"You Are a Blessing"
Isaiah 43:1-7; Luke 1:26-38
After a lovely Thanksgiving afternoon and evening with my extended family in Eureka, Paula, Sam, and I went to see the book-turned-Broadway hit musical turned-movie Wicked the next day. I was excited to see this movie because I fell in love with the original story, written by L. Frank Baum, beginning in 1900. My passion for that story started by seeing the movie when I was around five. Around the age of 13, I found out that it was initially a story from a book and that there were fourteen books in total. I remember riding my bicycle down to the library in Vallejo, CA, every weekend one summer, checking out each book, reading for a few hours, and then heading home with my head filled with the land of OZ.
So, with that background, I was excited but also a bit concerned that someone had added to the story. OZ is a somewhat sacred space for me. Fortunately, it turns out the story/musical/movie is good. It isn’t as good as the original book or movie, but I'm glad I went.
For those of you who aren't familiar with OZ (I won't hold that against you), Wicked is a prequel to the Wonderful Wizard of Oz story - the story of Dorothy from Kansas, who is taken up through a tornado to the land of OZ over the rainbow. In Wicked, we learn of Glinda the Good and Elphaba - she who becomes the wicked witch of the West. Elphaba wasn't always mean and nasty. The movie deeply dives into how she becomes who she becomes, partly because of her green skin, which makes her different than everyone else. In addition, her father hates her, but you’ll have to either read the book, see the musical or watch the film to find out why. No one likes her for who she is, and in time, she becomes the Wicked Witch of the West.
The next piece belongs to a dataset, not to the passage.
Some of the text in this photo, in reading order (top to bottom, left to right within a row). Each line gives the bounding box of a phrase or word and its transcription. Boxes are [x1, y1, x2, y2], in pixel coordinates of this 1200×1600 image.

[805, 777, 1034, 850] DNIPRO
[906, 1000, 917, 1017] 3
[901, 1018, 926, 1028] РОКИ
Her identity as the Wicked Witch of the West was molded and shaped by other characters who mistreated her. No one ever told Elphaba she was loved or accepted. It's a shame the Bible isn't floating around somewhere in Baum's OZ universe over the rainbow, and Elphaba couldn't read Isaiah 43. Maybe her destiny would have been different had she known she was precious in God's eyes.
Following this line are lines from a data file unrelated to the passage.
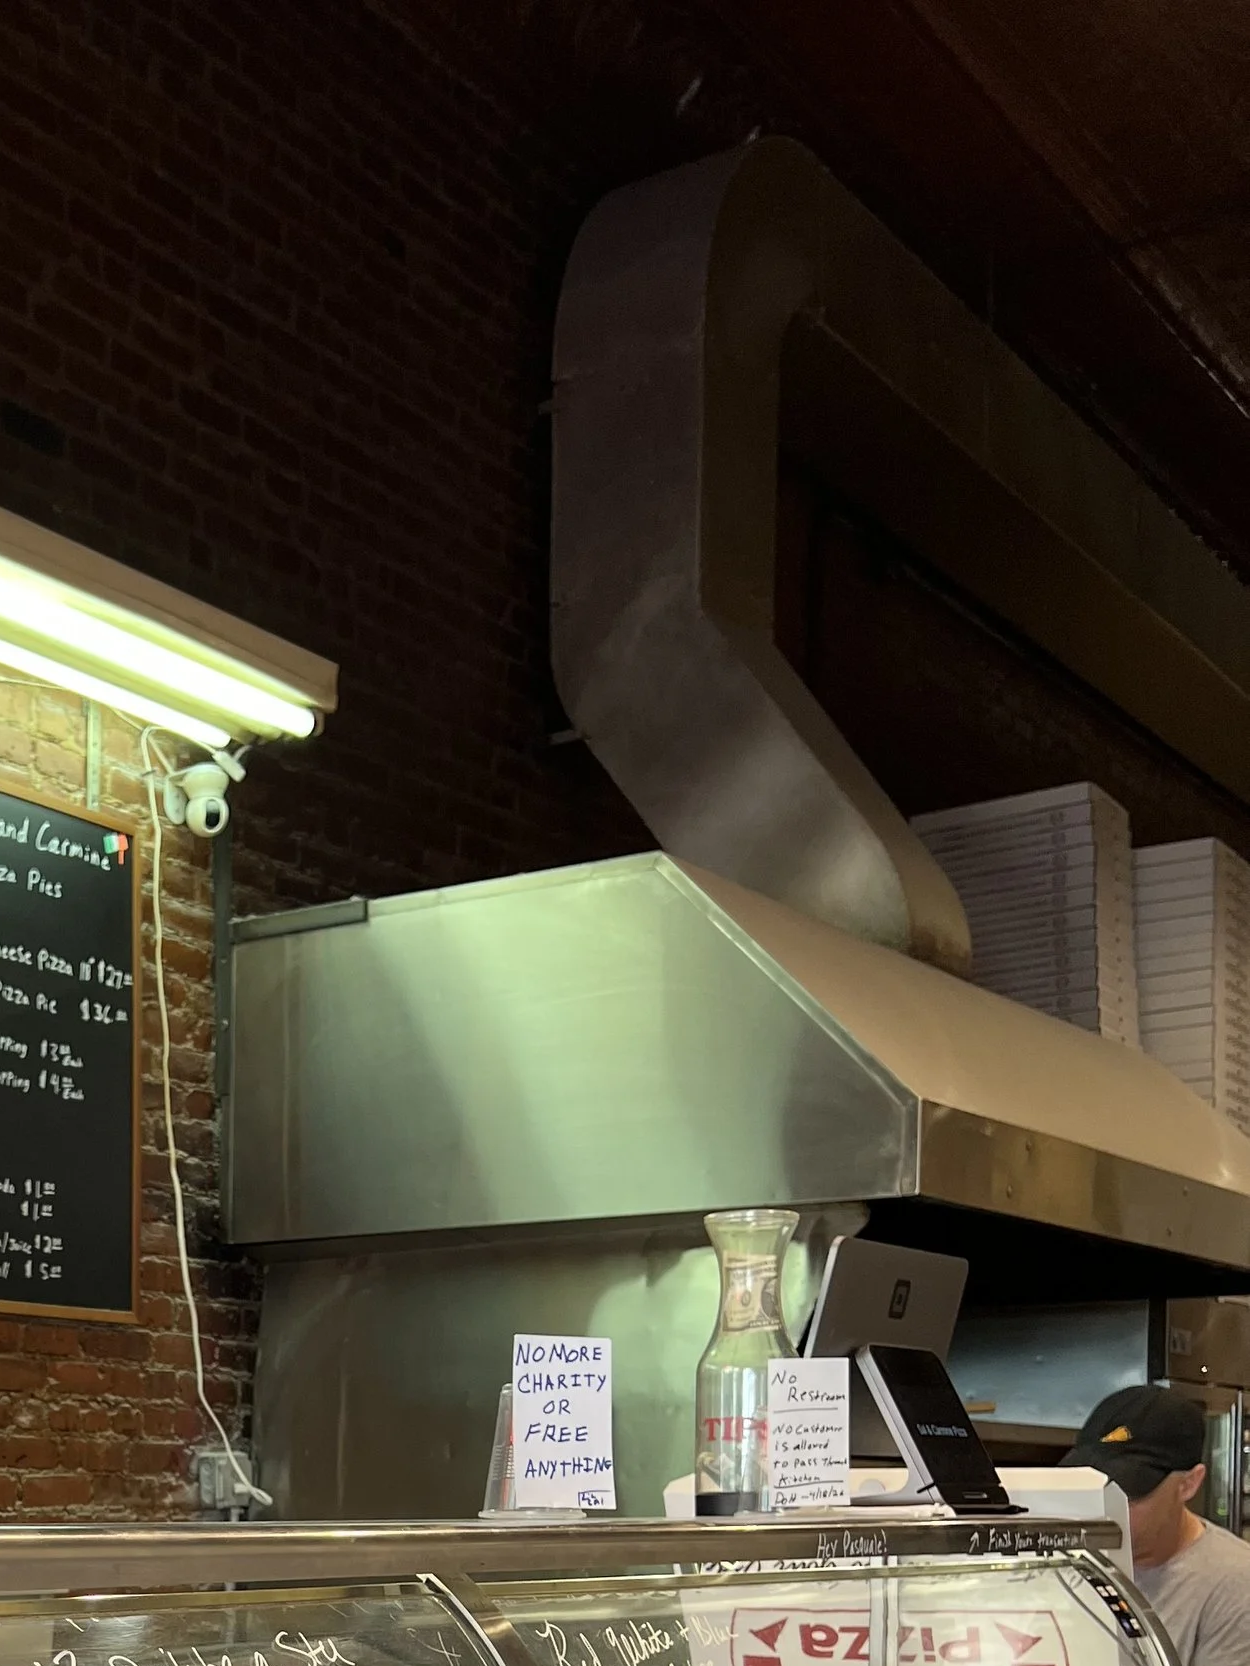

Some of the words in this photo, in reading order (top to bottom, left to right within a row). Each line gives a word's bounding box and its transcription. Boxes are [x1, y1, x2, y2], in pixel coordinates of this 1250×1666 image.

[35, 821, 111, 871] Carmine
[27, 867, 63, 899] Pies
[37, 948, 73, 976] Pizza
[36, 993, 57, 1014] Pie
[516, 1343, 545, 1366] NO
[518, 1373, 606, 1393] CHARITY
[771, 1370, 797, 1386] No
[543, 1399, 571, 1415] OR
[525, 1423, 588, 1443] FREE
[793, 1439, 829, 1451] allowed
[817, 1533, 838, 1559] Hey
The theme for this Advent season is a bit different than you may be used to. The scriptures chosen for this series, interwoven with the season's familiar stories, are often used in weddings, ordination services, and baptisms. I hope that, by the time we gather together on Christmas Eve for our Lessons and Carols service, you, too, will know you are precious in God's eyes and that you are a blessing called to bless others.
We begin by looking at the background of the passage in Isaiah 43. The Israelites were taken into captivity approximately seventy years before God's proclamation in this passage. Their unfaithfulness to God's ways got them into their current situation- living in captivity in a foreign land. Imagine that somehow, all of us Ashlanders, Phoenixandrians, Talenti, Medfordians, and Central Pointians were taken by hostile forces and forced to march some 900 miles to just past Tijuana, Mexico, and told by God to hunker down, learn a new language and assimilate to an unknown culture.
Perhaps they had lost their identity as God's people and had forgotten they were precious in God's eyes. Maybe they were on their own now and would fade away, assimilated into Babylonian culture.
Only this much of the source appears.